Top of RECORD SET
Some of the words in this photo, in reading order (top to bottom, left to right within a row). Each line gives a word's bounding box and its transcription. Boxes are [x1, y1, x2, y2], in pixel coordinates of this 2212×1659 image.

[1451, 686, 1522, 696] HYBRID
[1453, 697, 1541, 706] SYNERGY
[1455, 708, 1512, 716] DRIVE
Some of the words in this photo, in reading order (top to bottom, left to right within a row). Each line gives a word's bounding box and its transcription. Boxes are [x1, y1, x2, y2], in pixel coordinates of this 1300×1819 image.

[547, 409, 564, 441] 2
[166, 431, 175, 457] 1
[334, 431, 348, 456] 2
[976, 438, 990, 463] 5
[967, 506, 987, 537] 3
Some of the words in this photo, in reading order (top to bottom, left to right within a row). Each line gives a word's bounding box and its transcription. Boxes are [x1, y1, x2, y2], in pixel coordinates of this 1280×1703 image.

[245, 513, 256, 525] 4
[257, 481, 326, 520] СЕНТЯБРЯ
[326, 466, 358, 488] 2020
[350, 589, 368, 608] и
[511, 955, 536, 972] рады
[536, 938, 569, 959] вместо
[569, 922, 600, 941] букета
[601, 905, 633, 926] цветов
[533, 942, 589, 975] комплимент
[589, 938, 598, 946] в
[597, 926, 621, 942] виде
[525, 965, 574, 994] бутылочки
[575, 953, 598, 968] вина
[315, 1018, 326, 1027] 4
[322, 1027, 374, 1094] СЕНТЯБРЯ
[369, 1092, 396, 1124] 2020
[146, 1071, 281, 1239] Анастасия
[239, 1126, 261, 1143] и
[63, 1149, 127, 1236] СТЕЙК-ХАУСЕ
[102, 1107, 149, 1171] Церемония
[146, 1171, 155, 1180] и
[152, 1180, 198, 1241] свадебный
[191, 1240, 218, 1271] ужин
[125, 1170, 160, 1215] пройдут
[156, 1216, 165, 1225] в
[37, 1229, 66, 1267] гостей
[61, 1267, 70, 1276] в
Bottom of RECORD SET
## YOUR GOAL
Write the entries out again verbatim, every one of them.

## ANSWER BELOW
Some of the words in this photo, in reading order (top to bottom, left to right within a row). Each line gives a word's bounding box and its transcription. Boxes are [x1, y1, x2, y2], in pixel coordinates of this 2212×1659 image.

[1451, 686, 1522, 696] HYBRID
[1453, 697, 1541, 706] SYNERGY
[1455, 708, 1512, 716] DRIVE
Some of the words in this photo, in reading order (top to bottom, left to right within a row). Each line gives a word's bounding box and its transcription. Boxes are [x1, y1, x2, y2], in pixel coordinates of this 1300×1819 image.

[547, 409, 564, 441] 2
[166, 431, 175, 457] 1
[334, 431, 348, 456] 2
[976, 438, 990, 463] 5
[967, 506, 987, 537] 3
Some of the words in this photo, in reading order (top to bottom, left to right within a row). Each line gives a word's bounding box and its transcription. Boxes are [x1, y1, x2, y2], in pixel coordinates of this 1280×1703 image.

[245, 513, 256, 525] 4
[257, 481, 326, 520] СЕНТЯБРЯ
[326, 466, 358, 488] 2020
[350, 589, 368, 608] и
[511, 955, 536, 972] рады
[536, 938, 569, 959] вместо
[569, 922, 600, 941] букета
[601, 905, 633, 926] цветов
[533, 942, 589, 975] комплимент
[589, 938, 598, 946] в
[597, 926, 621, 942] виде
[525, 965, 574, 994] бутылочки
[575, 953, 598, 968] вина
[315, 1018, 326, 1027] 4
[322, 1027, 374, 1094] СЕНТЯБРЯ
[369, 1092, 396, 1124] 2020
[146, 1071, 281, 1239] Анастасия
[239, 1126, 261, 1143] и
[63, 1149, 127, 1236] СТЕЙК-ХАУСЕ
[102, 1107, 149, 1171] Церемония
[146, 1171, 155, 1180] и
[152, 1180, 198, 1241] свадебный
[191, 1240, 218, 1271] ужин
[125, 1170, 160, 1215] пройдут
[156, 1216, 165, 1225] в
[37, 1229, 66, 1267] гостей
[61, 1267, 70, 1276] в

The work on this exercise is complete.